Another reason why I like Courier is that it made for very accurate page-count estimates when I was a journal production editor. At the time, we still got a pile of paper MSS along with the floppy disks for each issue, so it was faster to do quick character/line counts on three representative pages and take an average than to virus-scan all the disks, load the articles onto the network, run the cleanup macro, reprint them in one typeface etc., etc. When the MSS were all submitted in Courier, my typeset proofs often came out within a page of my estimate. Not as often with the various real and bastard versions of Helvetica or Times. Monospacing was the key.
At school I had an ImageWriter II for my Mac SE. The high-pitched grinding whine of a 20-page term paper laboriously being spit out is etched into my college memories. When the school library instituted a LaserWriter queue in the computer lab, I mothballed the dot matrix and never looked back.
Oh, yes—italicized Courier is painful to look at. I had it changed to underlining in PEN’s proofing template.

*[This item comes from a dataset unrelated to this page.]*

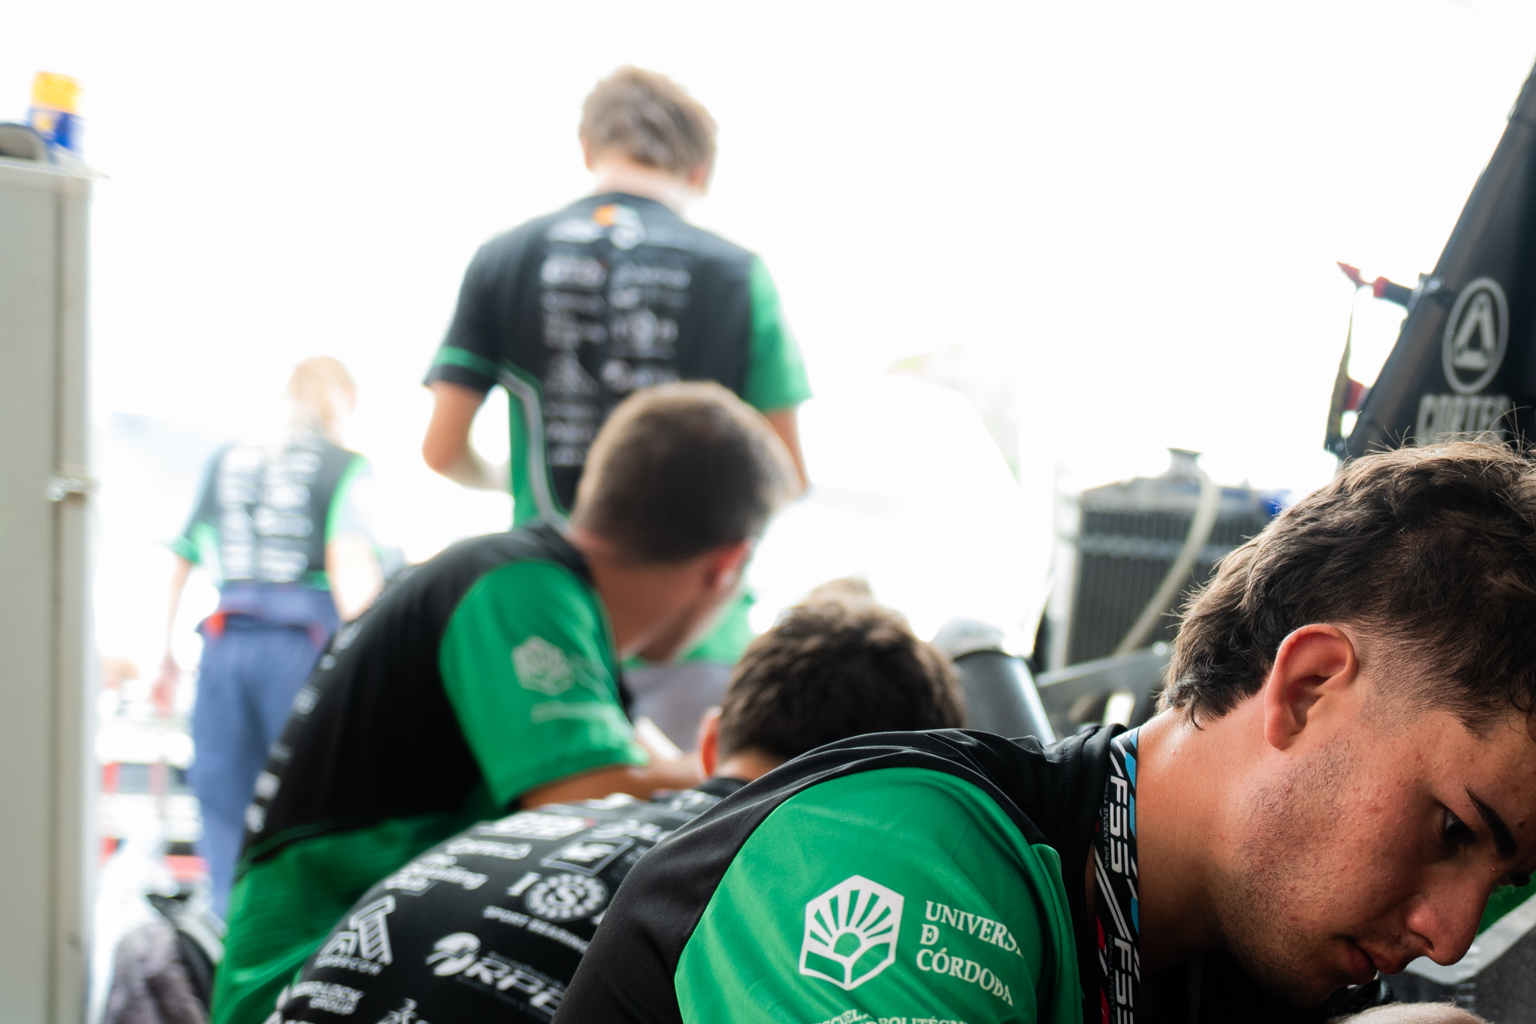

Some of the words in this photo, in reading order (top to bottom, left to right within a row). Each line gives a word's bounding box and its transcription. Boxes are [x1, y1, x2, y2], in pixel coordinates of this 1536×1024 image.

[1416, 393, 1511, 443] CORTEC
[1110, 775, 1129, 876] FSS
[916, 947, 1013, 1006] CÓRDOBA

In general, when I’m marking up pre-typeset hard copy, I prefer underlining to italics. It’s easier to cross an underline out than to circle the word and write “rom” in the margin, and you’re not forever squinting at commas trying to tell if they’re italicized or not.
When I’m writing in Word my default is Bembo Book, the newish Monotype version of Bembo (which is not as light and spindly as the Adobe version), although I do modify it to default to old style figs, since Word’s a little backward with respect to extended characters. (Or is it better now with Vista? I’ve been afraid to upgrade). Bembo is fairly “invisible” to the average person but it doesn’t hurt my eyes. A case could be made for Sabon, I suppose. Courier is too hard for me to read, and I can’t use it except for plays and screenplays, where it still seems right for some reason.

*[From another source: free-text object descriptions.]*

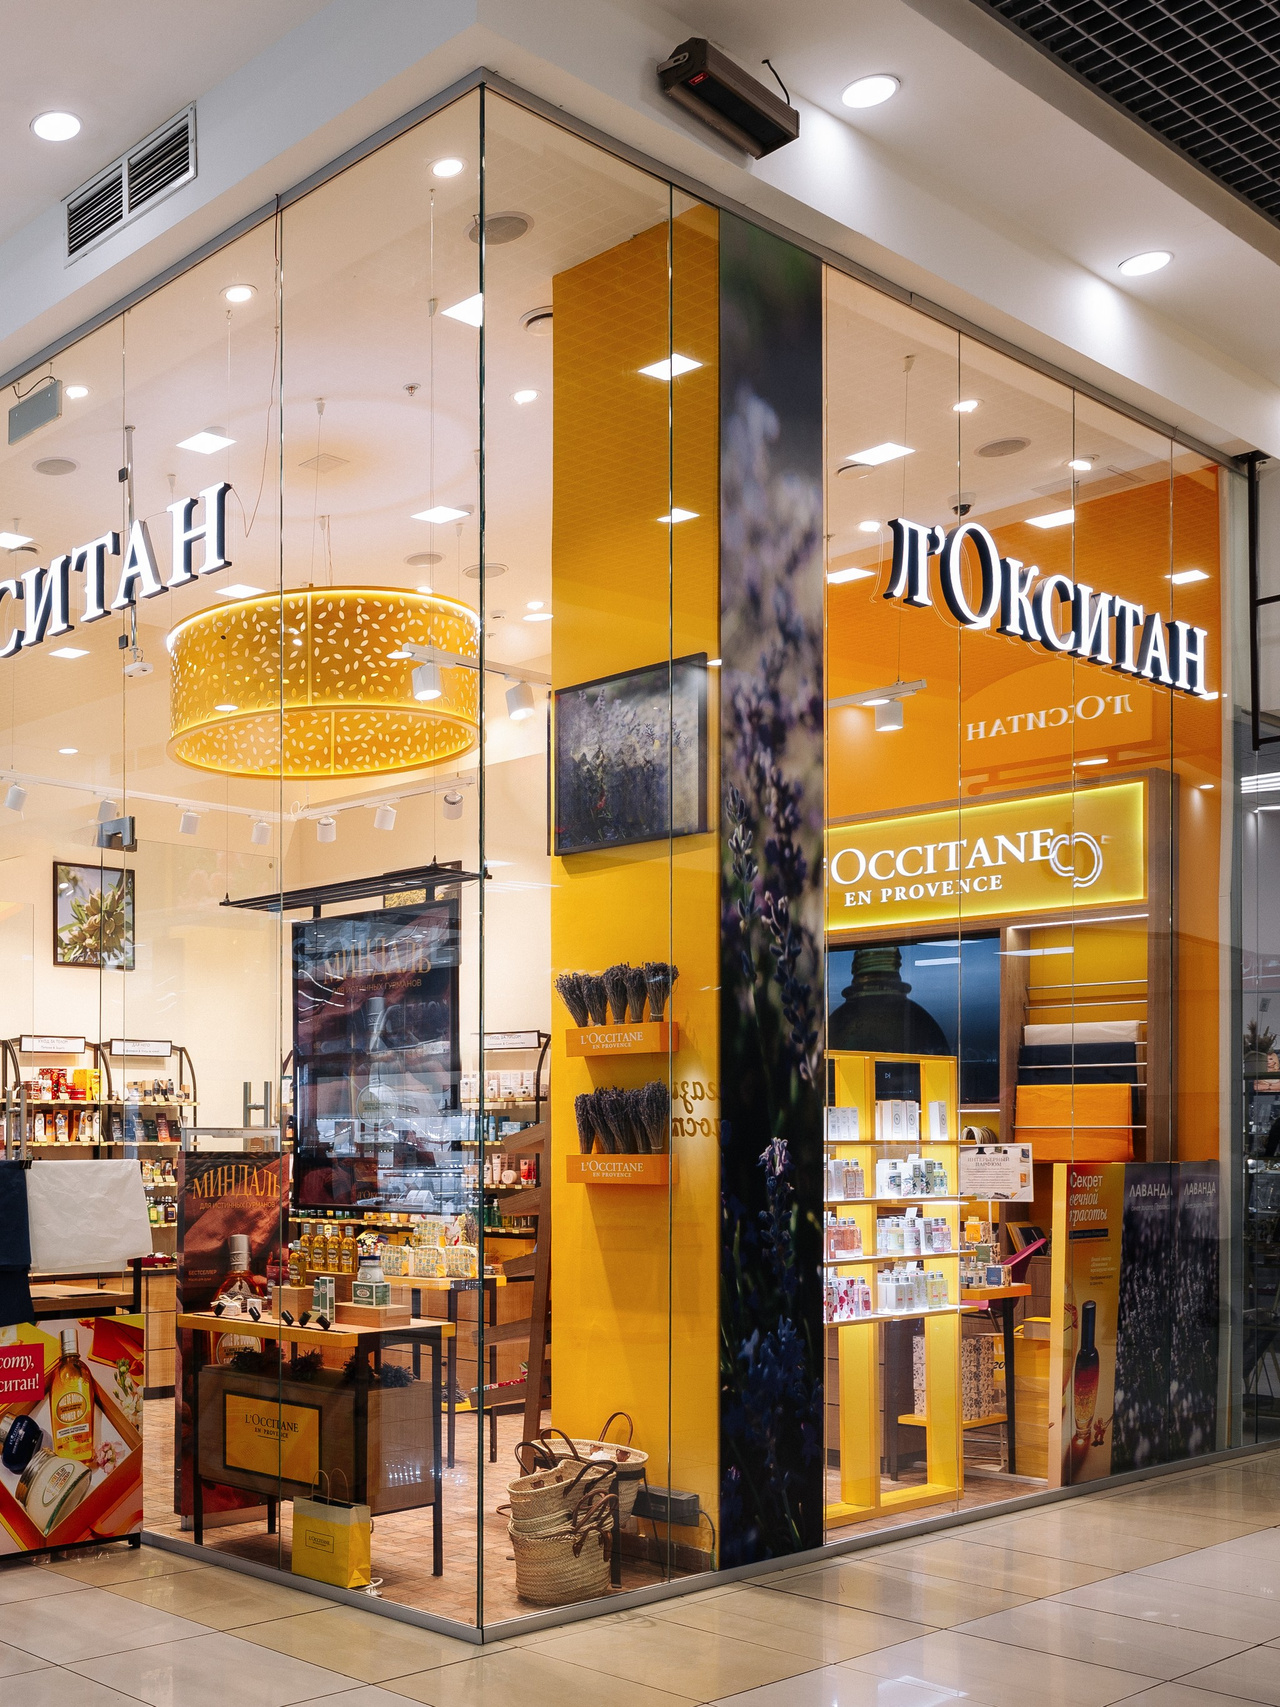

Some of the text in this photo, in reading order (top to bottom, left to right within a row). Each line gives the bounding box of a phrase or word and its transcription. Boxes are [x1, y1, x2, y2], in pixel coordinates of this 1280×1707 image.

[829, 828, 1055, 886] OCCITANE
[844, 874, 1003, 907] EN PROVENCE
[581, 1031, 644, 1045] L'OCCITANE
[581, 1160, 644, 1172] L'OCCITANE
[192, 1164, 281, 1200] МИНДАЛЬ
[1070, 1171, 1104, 1188] Секрет
[1129, 1183, 1173, 1199] ЛАВАНДА
[1183, 1181, 1217, 1196] ЛАВАНДА
[1069, 1189, 1099, 1207] вечной
[245, 1413, 299, 1433] L'OCCITANE

funny, I think of Times New Roman as a sort of Courier.
Well, I guess it’s “a sort of Courier” in that it’s ubiquitous. But it lacks the benefits of a monospaced typeface—that hard-to-read quality that Tom (xensen) mentions is what I like about it. Monospaced type slows you down, so your attention stays on the text, rather than on the meaning of the text. You notice every space and piece of punctuation, because they all look . . . a bit . . . off. That’s the goal.
that makes sense. I think I use TNR so I don’t get the ‘this text is finished’ feeling. it lets me think of what I’m working on / editing / revising as a work in progress. when it’s finished, then I start setting in the font I want it to be printed in and then, yes, as you mention, India, you start seeing all sorts of things you didn’t notice with the old font.
Well, for an editor I’m a pretty crappy proofreader, and it’s largely because I do focus on the meaning of the text rather than on the text itself. So I suppose Courier would do me a world of good.
Yeah, see, and I’m a fairly inept big-picture editor, because I get so engrossed in the sentence-by-sentence syntax and punctuation that I rarely consider a whole paragraph, much less a chapter.
On the bright side, this means that whenever I reread a book—even if it’s one I’ve read several times before—I notice so many new big-picture things, and I am reminded of so many details that I’d forgotten, that I might as well be reading it for the first time. The surprises never stop coming.